Required action
Every line below is to be given again precisely; images are to be left out.

Given data

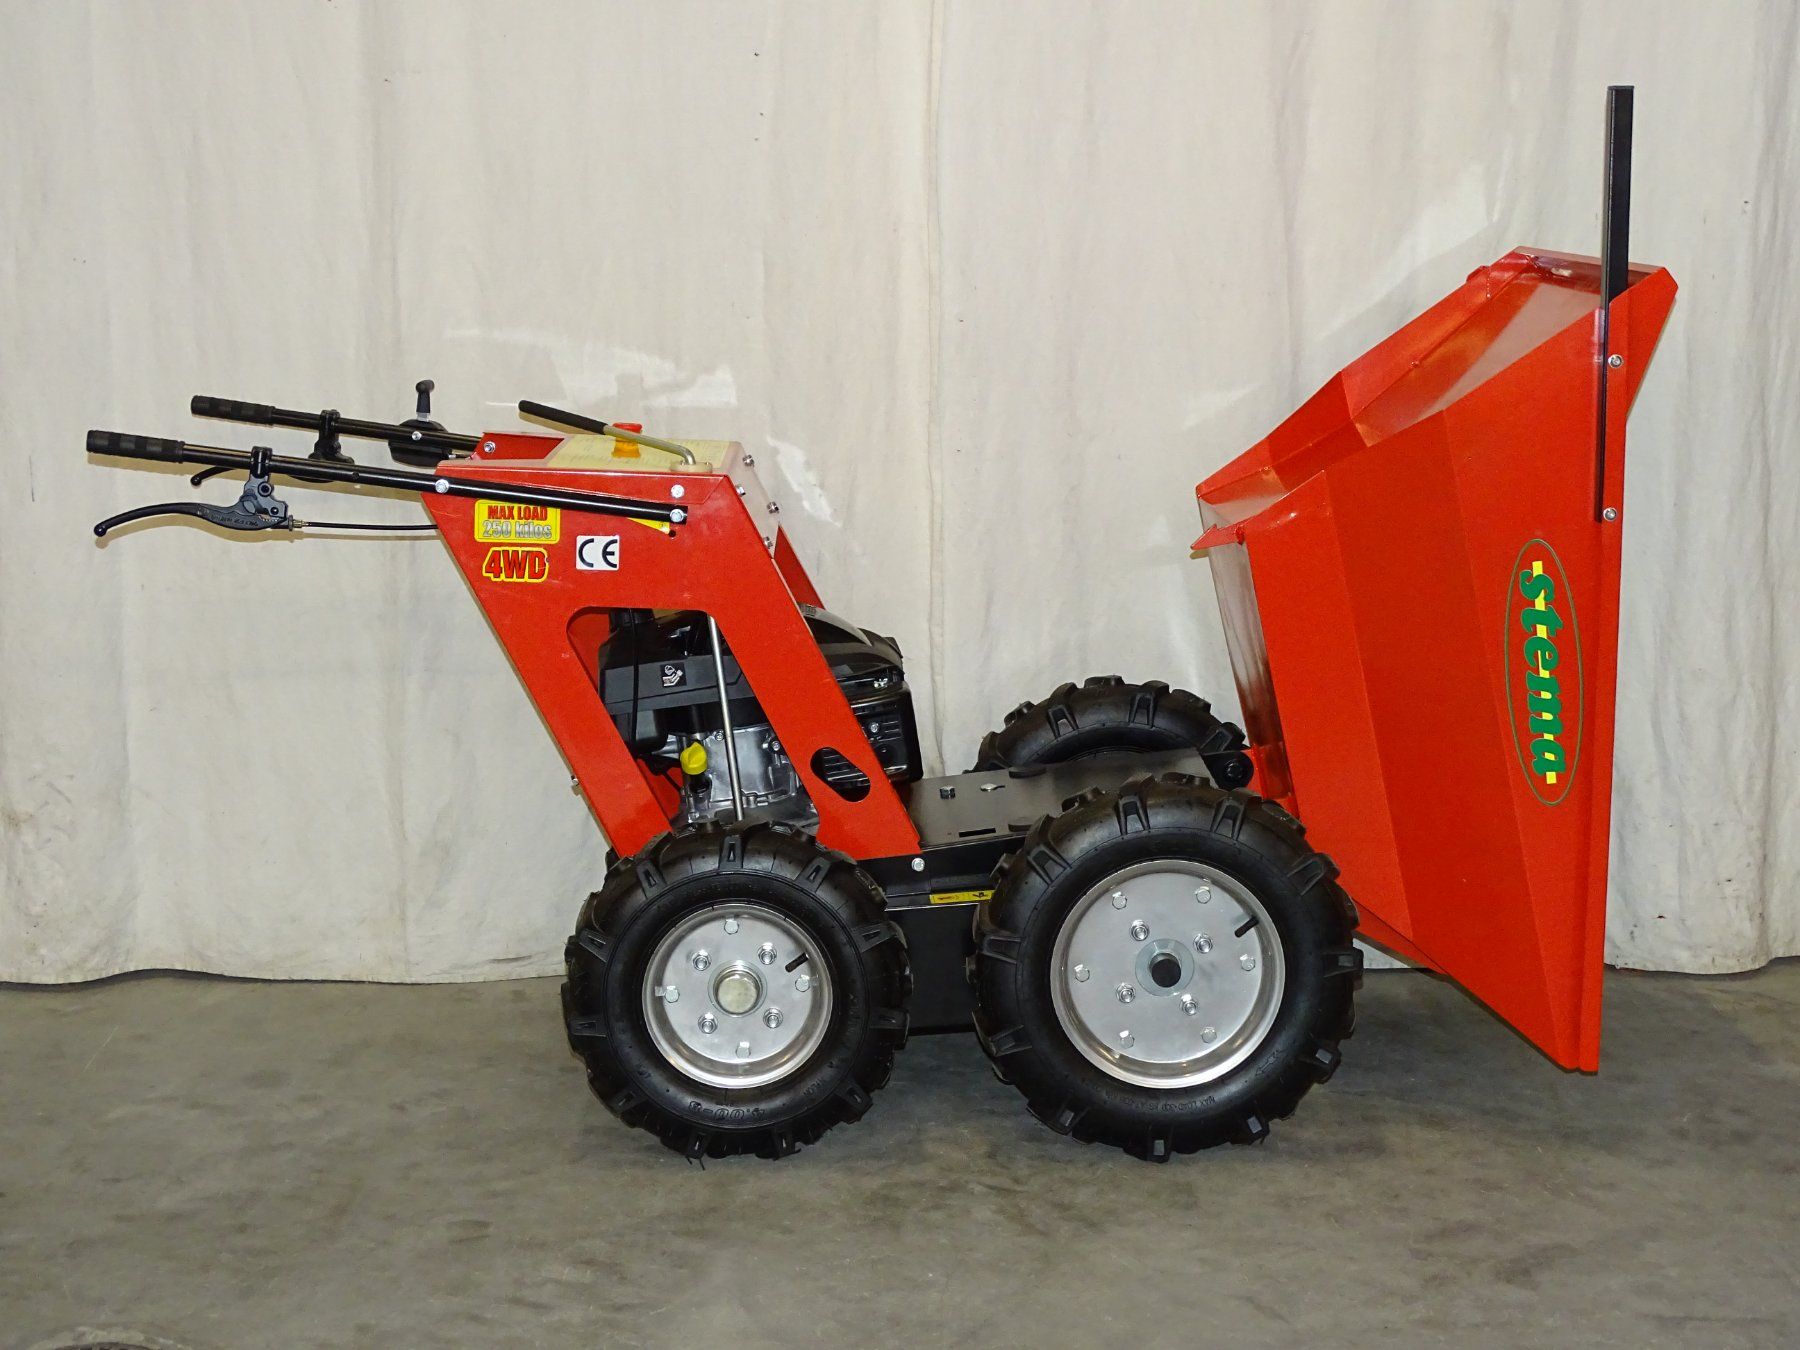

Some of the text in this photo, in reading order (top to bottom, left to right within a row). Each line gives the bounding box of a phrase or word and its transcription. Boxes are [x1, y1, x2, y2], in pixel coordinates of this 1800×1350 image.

[487, 504, 548, 521] MAX LOAD
[482, 519, 552, 539] 250 kilos
[484, 549, 547, 581] 4WD
[578, 537, 618, 568] CE
[1519, 565, 1567, 781] stema

Exercise response
Some of the text in this photo, in reading order (top to bottom, left to right within a row). Each line gives the bounding box of a phrase or word and its transcription. Boxes are [x1, y1, x2, y2], in pixel coordinates of this 1800×1350 image.

[487, 504, 548, 521] MAX LOAD
[482, 519, 552, 539] 250 kilos
[484, 549, 547, 581] 4WD
[578, 537, 618, 568] CE
[1519, 565, 1567, 781] stema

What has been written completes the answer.